E o que ocorre normalmente é que os trabalhadores que estão em casa “podem estar mais estressados porque misturam muito mais o trabalho com a vida pessoal”, diz Rimbau, citando estudos. “É um pouco paradoxal, porque ao mesmo tempo eles estão mais satisfeitos porque isso lhes permite conciliar as coisas”, afirma. Há dois tipos de trabalhadores remotos. Um deles é o integrador, aquele que, segundo a especialista, “faz coisas pessoais no horário de trabalho e vice-versa, como responder emails enquanto espera os filhos terminarem a lição de casa. Corre o risco de trabalhar a qualquer hora”. O outro tipo, o separador —que divide o trabalho e a vida pessoal—, corre o mesmo risco. “Seu desafio é aprender a dizer: ‘Bom, antes eu separava as coisas porque saía do escritório. Agora tenho de fazer isso de outra forma, fechando a porta do quarto do computador ou algo assim’”, assinala Rimbau. Temos de reaprender, diz García Bernardo: “Reaprender que se não respondo um email às dez da noite, por exemplo, não é que eu seja um mau trabalhador”. O trabalho permanente seria incentivado por chefes que, ao não nos ver, exageram com os emails, mensagens por WhatsApp e videoconferências. Liderar à distância é dar confiança, destacam os especialistas.

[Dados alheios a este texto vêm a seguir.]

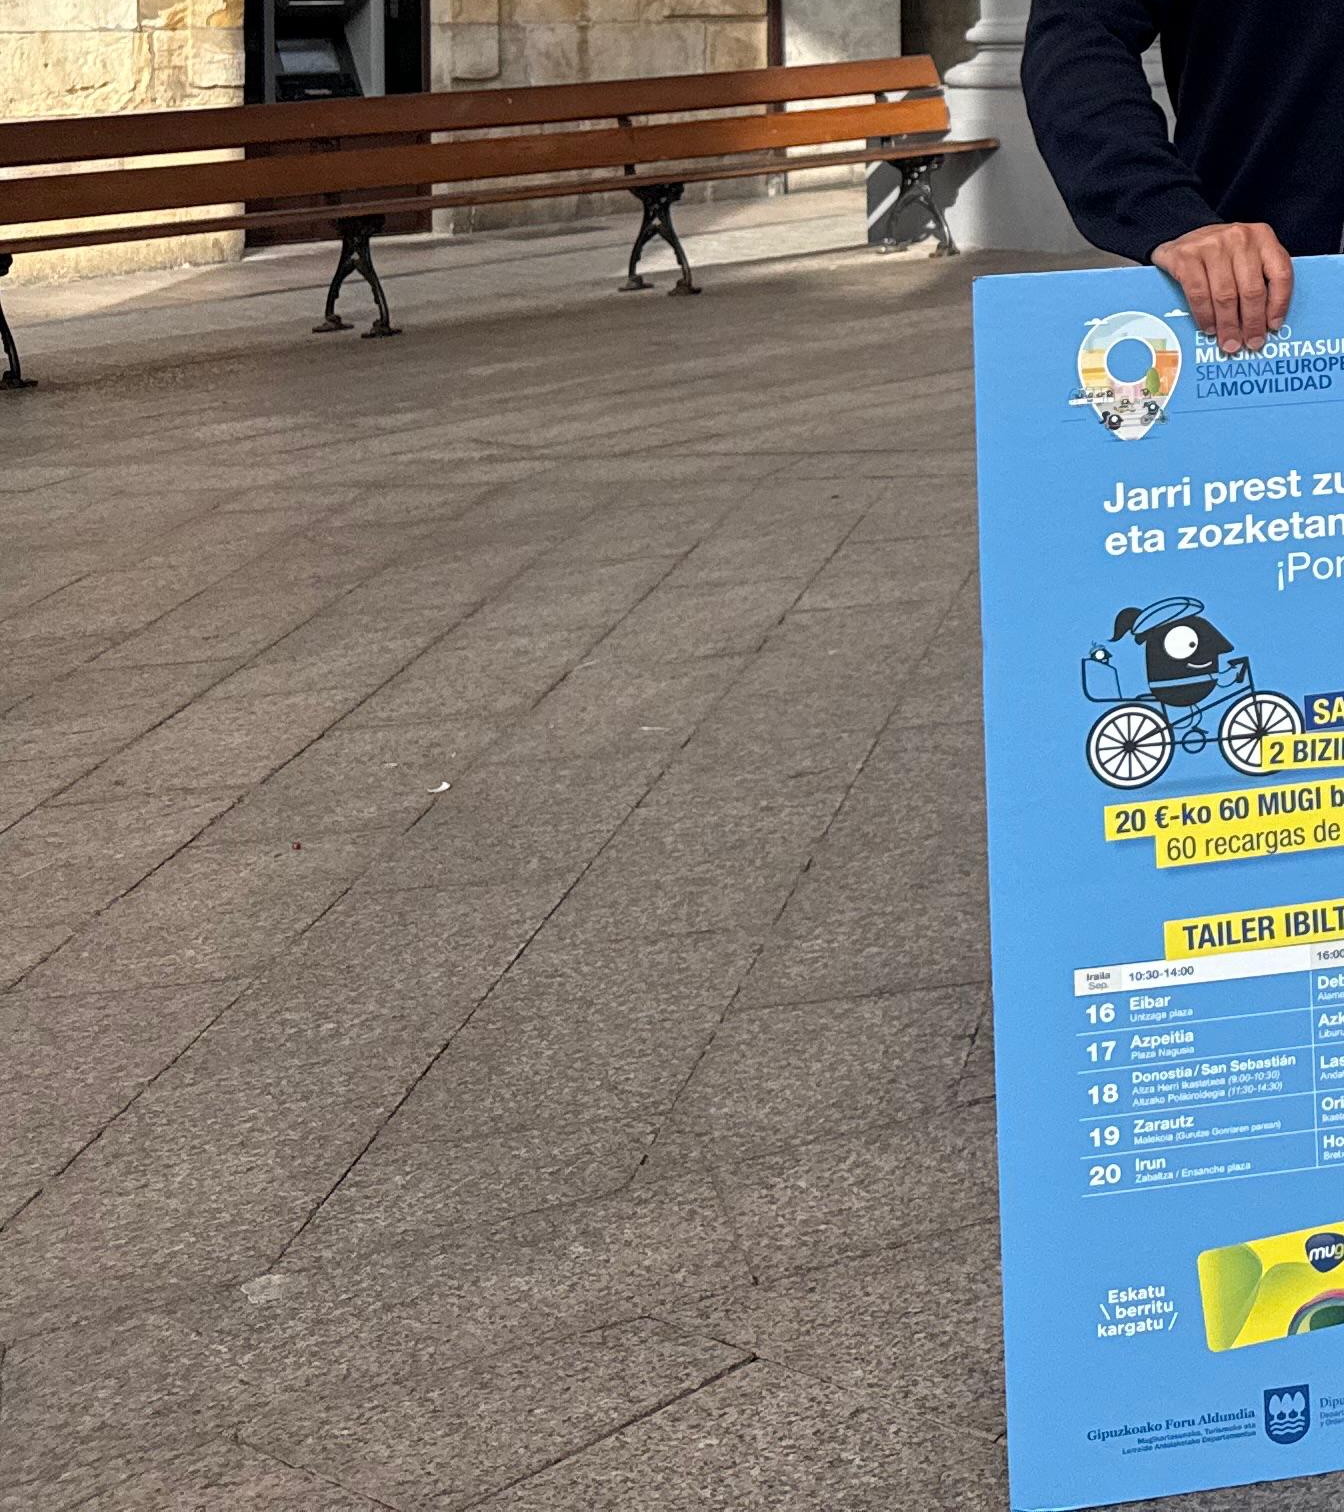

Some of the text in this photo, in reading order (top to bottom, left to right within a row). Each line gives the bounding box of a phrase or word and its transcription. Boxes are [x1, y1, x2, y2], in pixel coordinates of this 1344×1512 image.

[1103, 475, 1191, 514] Jarri
[1204, 469, 1302, 512] prest
[1105, 525, 1166, 556] eta
[1269, 741, 1285, 765] 2
[1115, 808, 1146, 834] 20
[1154, 803, 1212, 829] €-ko
[1218, 796, 1250, 822] 60
[1257, 786, 1322, 817] MUGI
[1166, 835, 1197, 866] 60
[1205, 826, 1306, 857] recargas
[1313, 818, 1341, 843] de
[1182, 915, 1276, 951] TAILER
[1128, 965, 1195, 982] 10:30-14:00
[1085, 1002, 1116, 1025] 16
[1129, 995, 1172, 1011] Eibar
[1130, 1029, 1195, 1049] Azpeitia
[1086, 1040, 1117, 1063] 17
[1229, 1054, 1296, 1072] Sebastián
[1088, 1083, 1119, 1105] 18
[1133, 1115, 1195, 1134] Zarautz
[1089, 1125, 1120, 1147] 19
[1089, 1163, 1122, 1186] 20
[1135, 1157, 1167, 1172] Irun
[1107, 1285, 1166, 1304] Eskatu
[1115, 1300, 1174, 1320] berritu
[1097, 1316, 1164, 1338] kargatu
[1086, 1421, 1163, 1442] Gipuzkoako
[1165, 1418, 1196, 1430] Foru
[1197, 1408, 1256, 1426] Aldundia

À solidão, soma-se outra peculiaridade: se você não está, não é visto. “Em empresas onde alguns trabalham à distância e outros não, os trabalhadores remotos receberam menos promoções, menos capacitação e menos feedback sobre seu desempenho por estarem um pouco fora de vista”, afirma Rimbau. “Esse é um risco que existe.”
O trabalho remoto é agora uma realidade muito mais tangível. O Twitter dá essa opção a seus funcionários para sempre. O Facebook planeja ter metade de seu pessoal trabalhando à distância em cinco anos. O Google não terá funcionários no escritório até meados de 2021. Na Espanha, algumas empresas, como a ING, oferecerão opções para trabalhar remotamente de uma forma completamente flexível. Entre as empresas espanholas, 41% planejam continuar com a fórmula de trabalho remoto. E 30% dos trabalhadores poderia fazer isso, segundo cálculos do Banco da Espanha. Mas vai ser diferente. O Governo está finalizando um projeto de lei negociado com agentes sociais para regulamentar essa forma de trabalho. O projeto inclui a voluntariedade, a flexibilidade e o direito à desconexão.